### DIRECTIONS
Line by line, copy the records below exactly and leave the pictures out.

### Stored data entries

▼▼▼

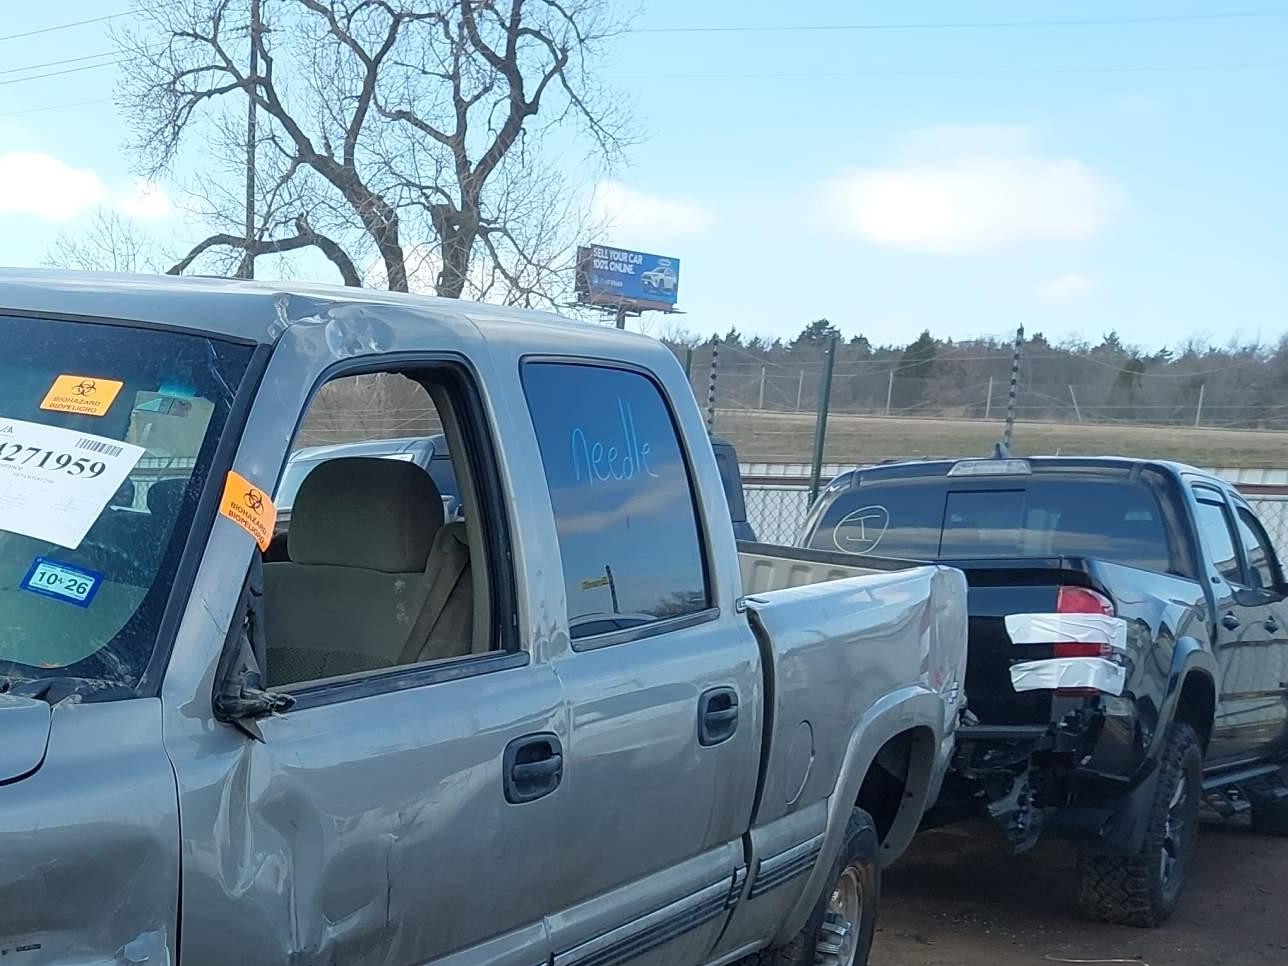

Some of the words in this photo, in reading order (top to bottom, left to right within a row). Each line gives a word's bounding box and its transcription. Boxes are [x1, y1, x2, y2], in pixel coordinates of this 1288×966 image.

[593, 247, 609, 259] SELL
[609, 250, 628, 263] YOUR
[629, 254, 643, 265] CAR
[593, 259, 609, 271] 100%
[49, 402, 97, 413] BIOPELIGRO
[53, 396, 101, 407] BIOHAZARD
[228, 509, 265, 544] BIOPELIGRO
[230, 501, 267, 535] BIOHAZARD
[38, 571, 59, 585] 10
[64, 578, 88, 595] 26
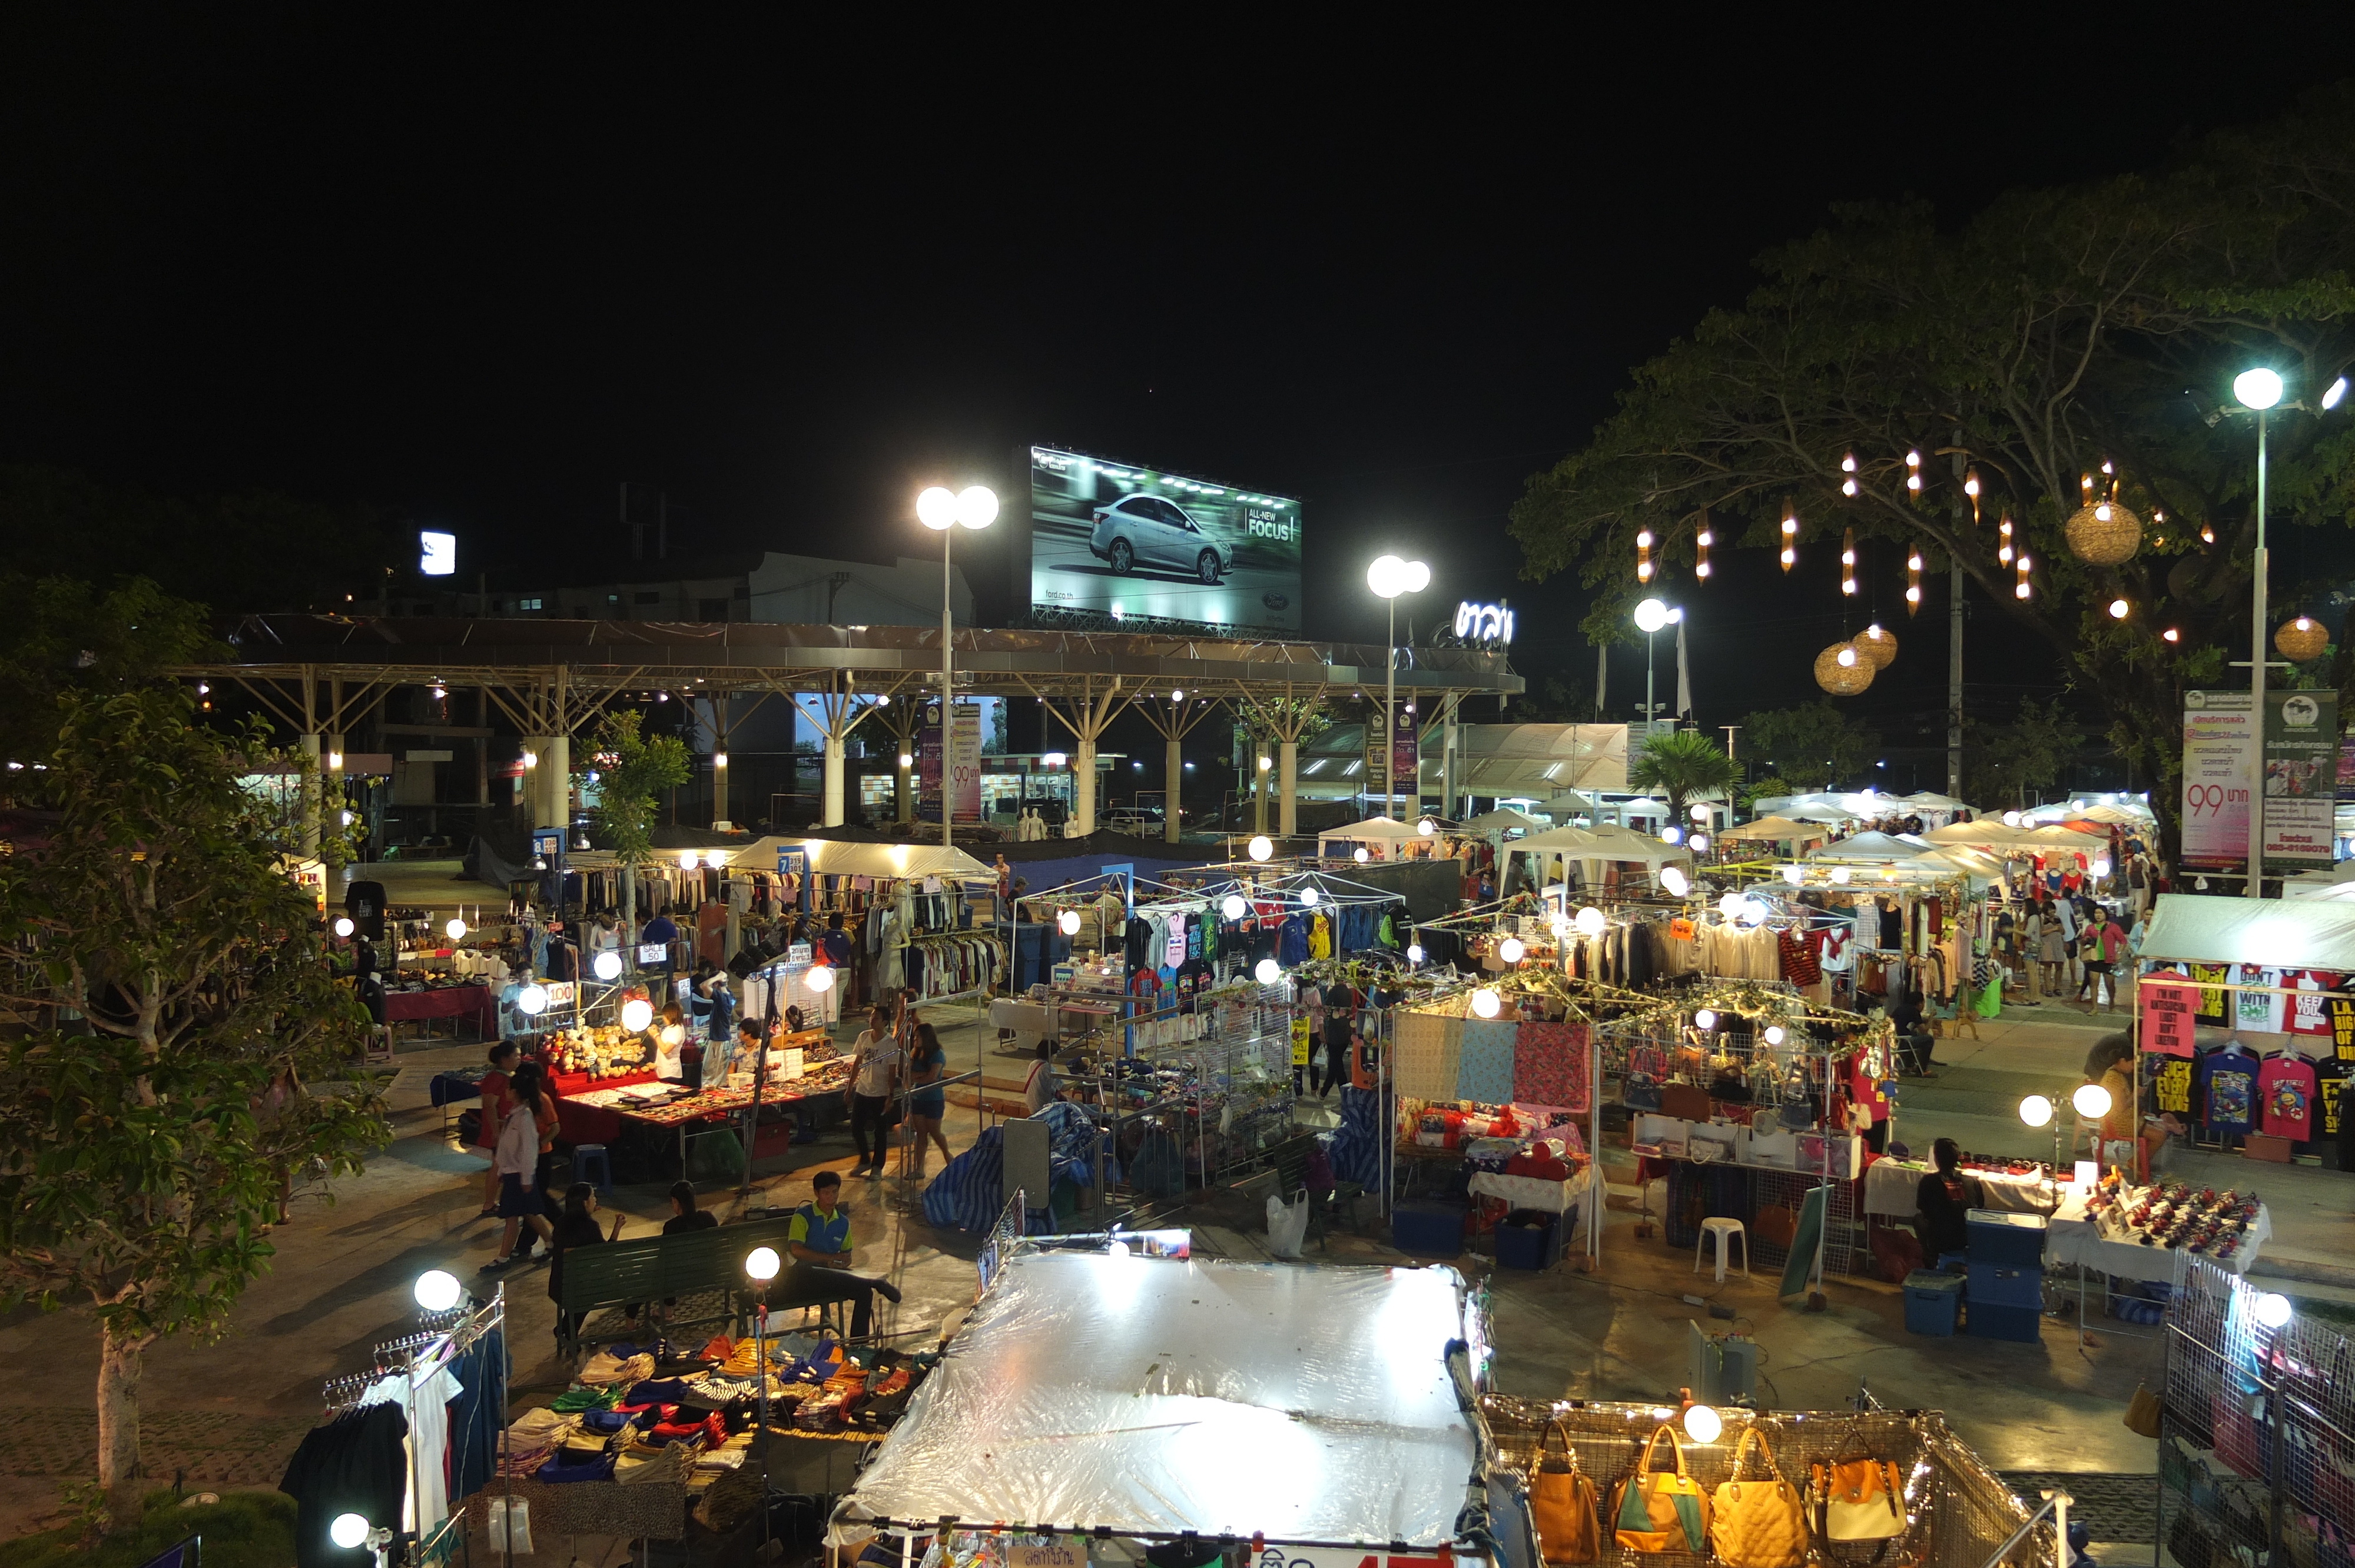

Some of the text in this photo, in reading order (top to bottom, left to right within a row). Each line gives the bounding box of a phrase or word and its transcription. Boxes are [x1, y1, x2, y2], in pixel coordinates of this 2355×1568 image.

▲▲▲

### RESPONSE AREA
Some of the words in this photo, in reading order (top to bottom, left to right within a row). Each line gives a word's bounding box and its transcription. Boxes are [x1, y1, x2, y2], in pixel coordinates of this 1288×966 image.

[593, 247, 609, 259] SELL
[609, 250, 628, 263] YOUR
[629, 254, 643, 265] CAR
[593, 259, 609, 271] 100%
[49, 402, 97, 413] BIOPELIGRO
[53, 396, 101, 407] BIOHAZARD
[228, 509, 265, 544] BIOPELIGRO
[230, 501, 267, 535] BIOHAZARD
[38, 571, 59, 585] 10
[64, 578, 88, 595] 26

Some of the text in this photo, in reading order (top to bottom, left to right within a row). Each line gives the bounding box of a phrase or word and its transcription. Boxes are [x1, y1, x2, y2], in pixel coordinates of this 2355×1568 image.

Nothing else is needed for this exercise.